You may have guessed that writing helps me sort my brain out. After Mum died my brain actually broke and writing wasn’t going to fix it. EMDR did that but even though I now want my blog to be about things other than my parents and death that still seems to be where my brain is, so I guess I still have the normal fixing to do.

  When my Dad was still alive I had started to write down a complicated family story. Because it’s complex, it’s long and it takes time to get right. I have written and rewritten it a million times, never quite happy with what it’s saying. Each time I wrote something, I would doubt the truth of it and go and check with my parents. Now that they aren’t here, the story has been freed. I don’t have to tell the truth. I can take the grain and twist it into something more and I’ll be honest, it’s doing my head in. I have a new character and she is relentless; constantly nagging at me to write down what she thinks.

A friend sent me a message, asking if I had written Joanna Cannon’s The Trouble with Goats and Sheep. I didn’t. I wish I had because it’s such a lovely book but I know what she means. The prose feels very me. I was telling the Long Suffering Husband about her text and I said, “It’s funny really because when I was reading it I kept thinking, ‘I could have written this.’l
Then a little voice in the back of my head said, “But you didn’t.”
And it’s true. I didn’t. I think I’m too lazy to get any of my writing published, so I probably never will and that’s fine.

It made me think of a story about my Mum I want to tell you. (I think it’s true but I can’t check so there is at least a grain in there).

My mum was quiet. You could easily miss her brilliance and steely determination, blinded by the flashy lights of my Dad. She was quite happy not to go out very much but Dad was gregarious. He loved a party. He liked to host, which meant lots of work for Mum too but sometimes  I think she preferred that as she was in control of what happened in the evening. He wasn’t one of those men that just dropped things on her, though; they worked as a team.

 However, they did go out. Mum had a large circle of glamorous arty friends and belonged to a babysitting circle. Every woman in the circle was given a certain amount of those little white  cardboard tags with different coloured dots on. The dots represented different amounts of time. They paid each other with these tags for baby sitting services.

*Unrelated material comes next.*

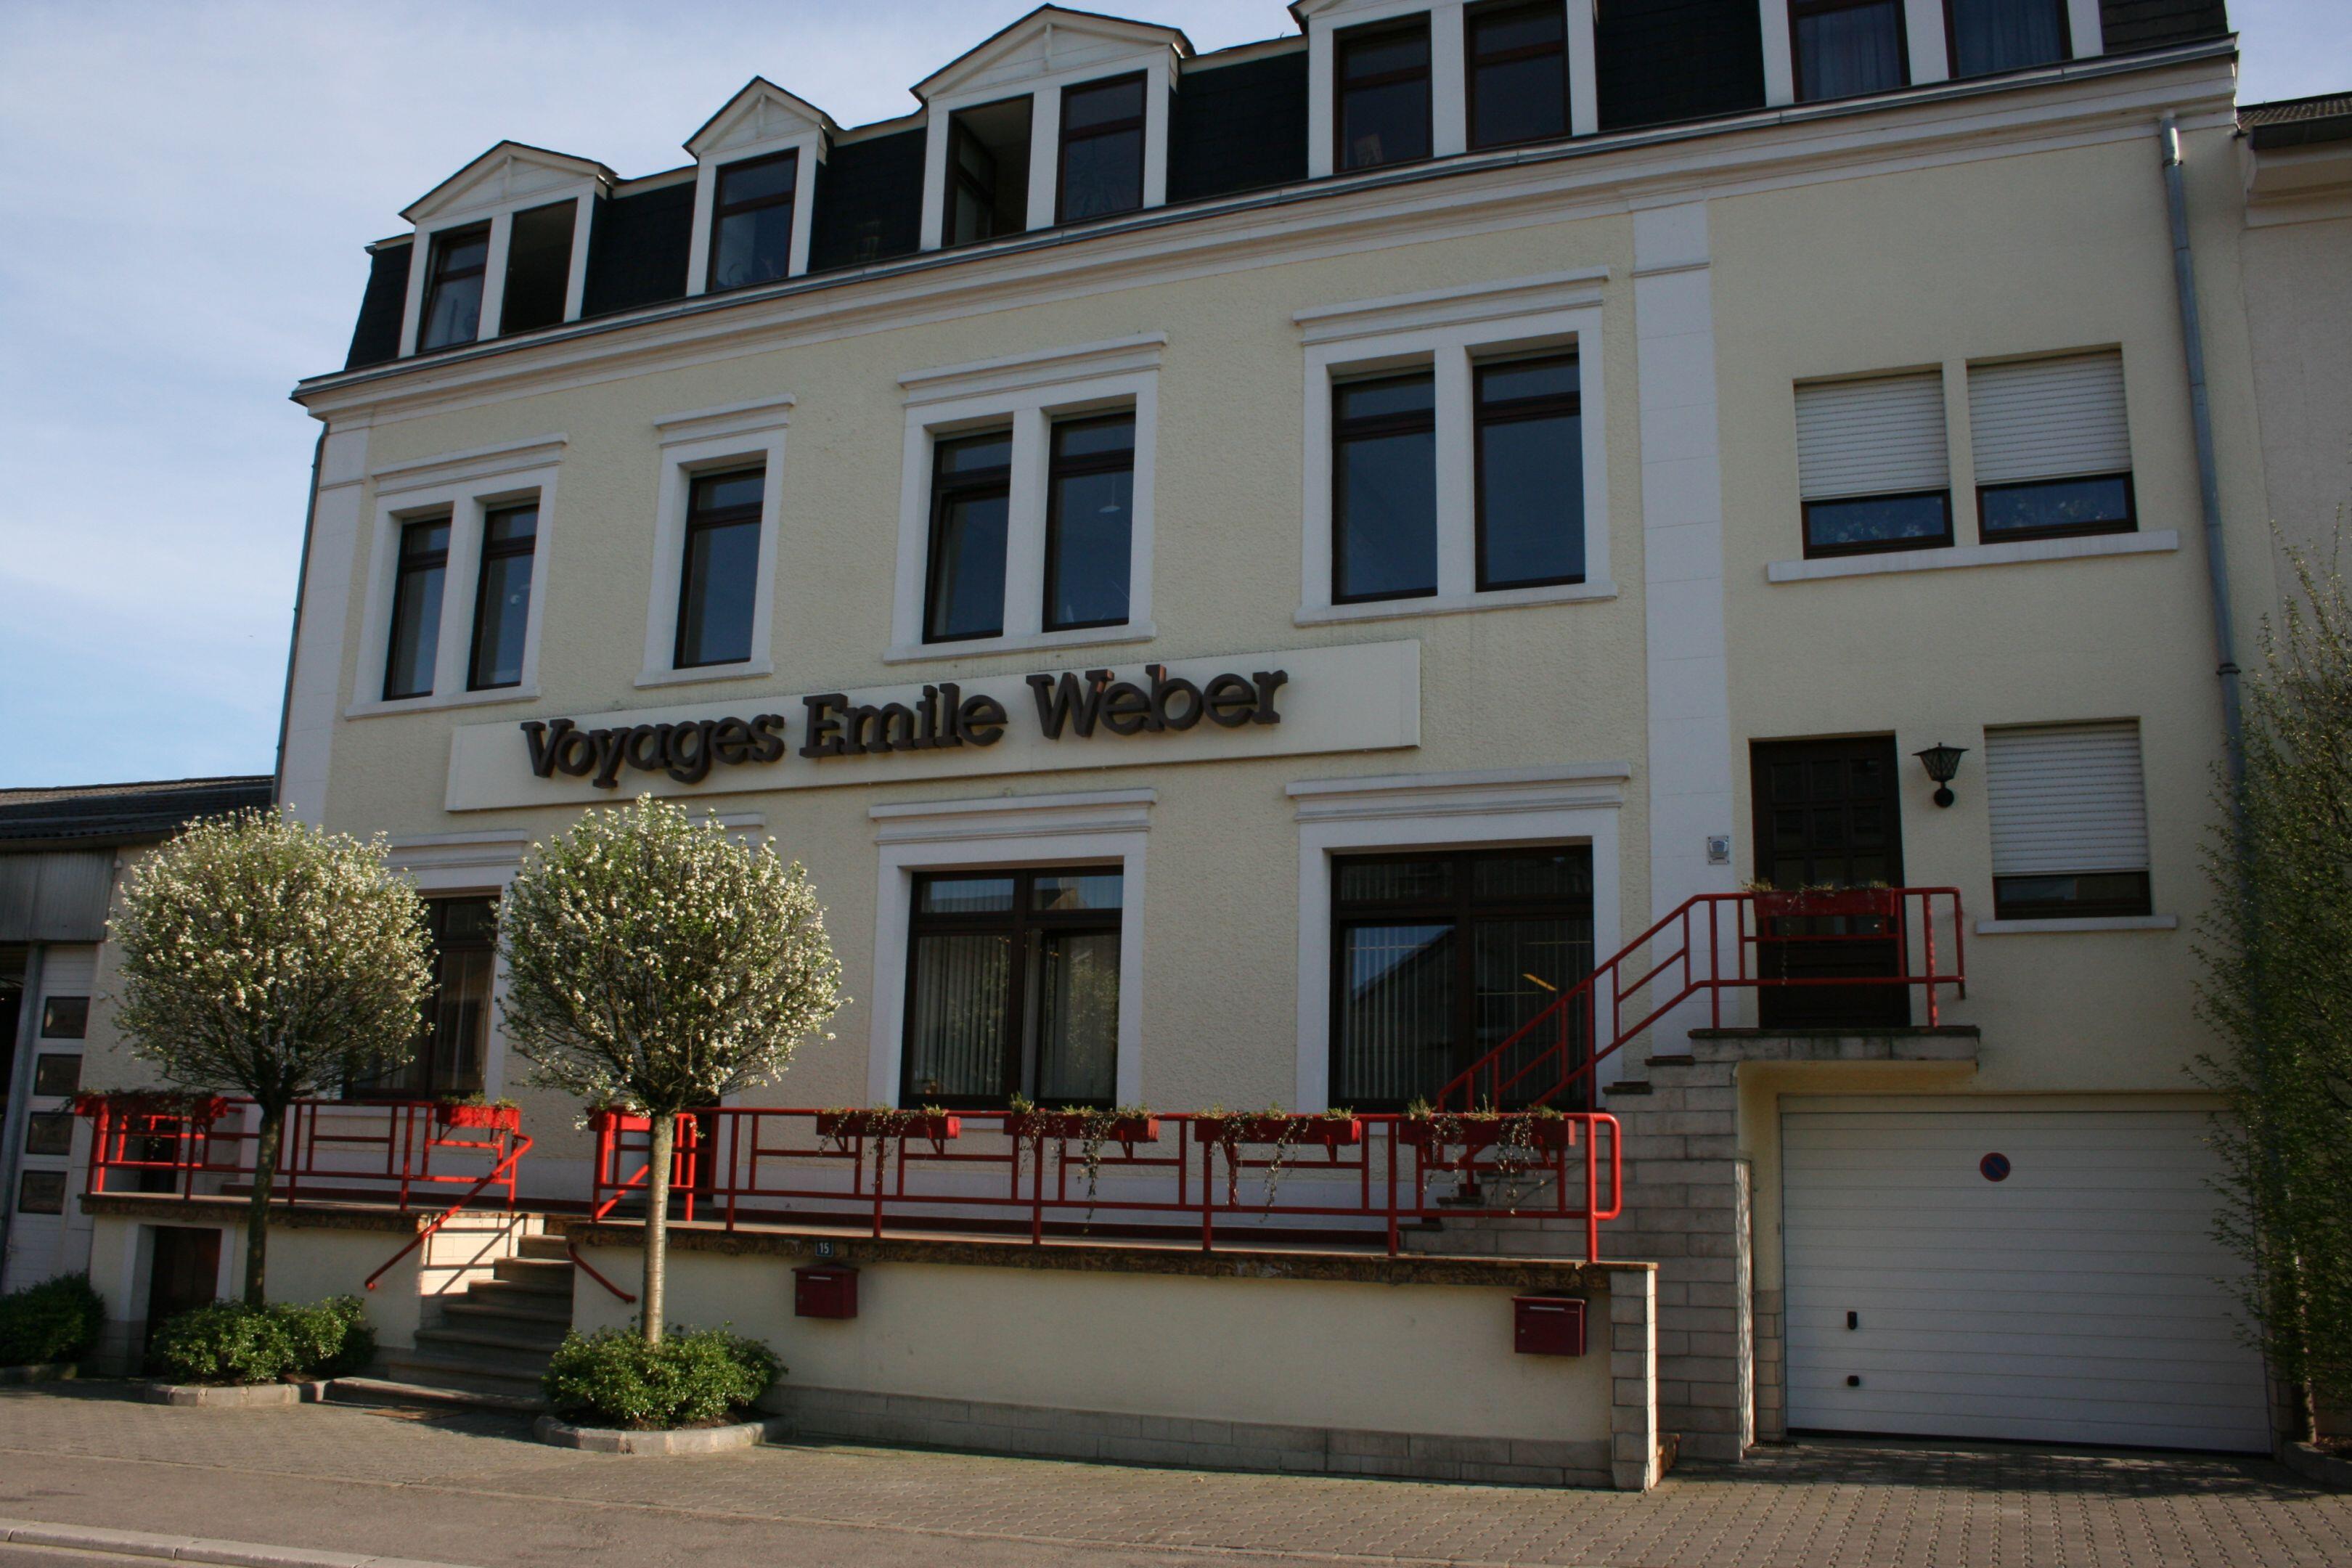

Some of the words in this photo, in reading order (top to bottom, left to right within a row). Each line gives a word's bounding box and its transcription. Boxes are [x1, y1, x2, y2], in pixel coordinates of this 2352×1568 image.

One of my mum’s arty friends was a woman called Patsy. My sister and I loved Patsy. We wanted to be her when we grew up. To us, she seemed both glamorous, rich and romantically tragic. Patsy ironed towels, jeans and her, oh so sexy, silk French knickers (“Oh, darling, they’re just so comfortable under trousers.”) She and Mum did their weekly shop together, the first rule of this shop being that first you stop for coffee and the second rule being that it takes all day and includes lunch. Her husband was a businessman and had a lot of wealthy contacts and so one evening Mum and Dad were invited to a ‘Tarts and Vicars’ party.

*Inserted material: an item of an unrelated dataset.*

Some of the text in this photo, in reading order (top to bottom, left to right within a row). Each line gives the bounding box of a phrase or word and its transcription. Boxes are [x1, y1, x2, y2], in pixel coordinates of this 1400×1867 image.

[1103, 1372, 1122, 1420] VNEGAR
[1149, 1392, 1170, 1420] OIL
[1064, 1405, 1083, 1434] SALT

This type of party was, apparently common amongst posh people in the early Eighties but it was an entirely new phenomenon for my Mum and Dad who talked about it a lot afterwards. Dad had glittered his way through it, drinking, telling stories and being surprised at just how flirty all the women were. Mum found it slightly more overwhelming. I remember her describing the kitchen to me the next day.  It had marble worktops...MARBLE!....an island with a fridge for champagne.....Mum decided that she quite liked champagne..... and a long breakfast bar with stools that Mum had spent most of the evening sitting on talking to a woman named Su.....WITHOUT AN E!
Su had been discussing television. Mum had strong opinions on television: she liked it. When I was growing up Mary Whitehouse was in her heyday, warning that TV was going to ruin us all and that it would numb our brains and stop us reading. Mum held the opposite view. Su was a feminist and she and Mum agreed on a lot.
“You see, there are no good female role models on television,” Su drunkenly waved her champagne glass around.
Mum agreed that she would like to see more women being normal on the television.
"I mean, that sitcom that's on at the moment. It's rubbish.  I could have written that."
Mum looked at her and quietly said, "But you didn't."

About a year later, Patsy was in our kitchen when I got home from school, bubbling with excitement.
"And it's all your fault," she told my mum.  "I hope you are going to watch it."

We all sat down together to watch the new sitcom on Chanel Four.  Dream Stuffing, about two women, sharing a council flat in London.


"Sometimes you shouldn't," was all that Mum would say.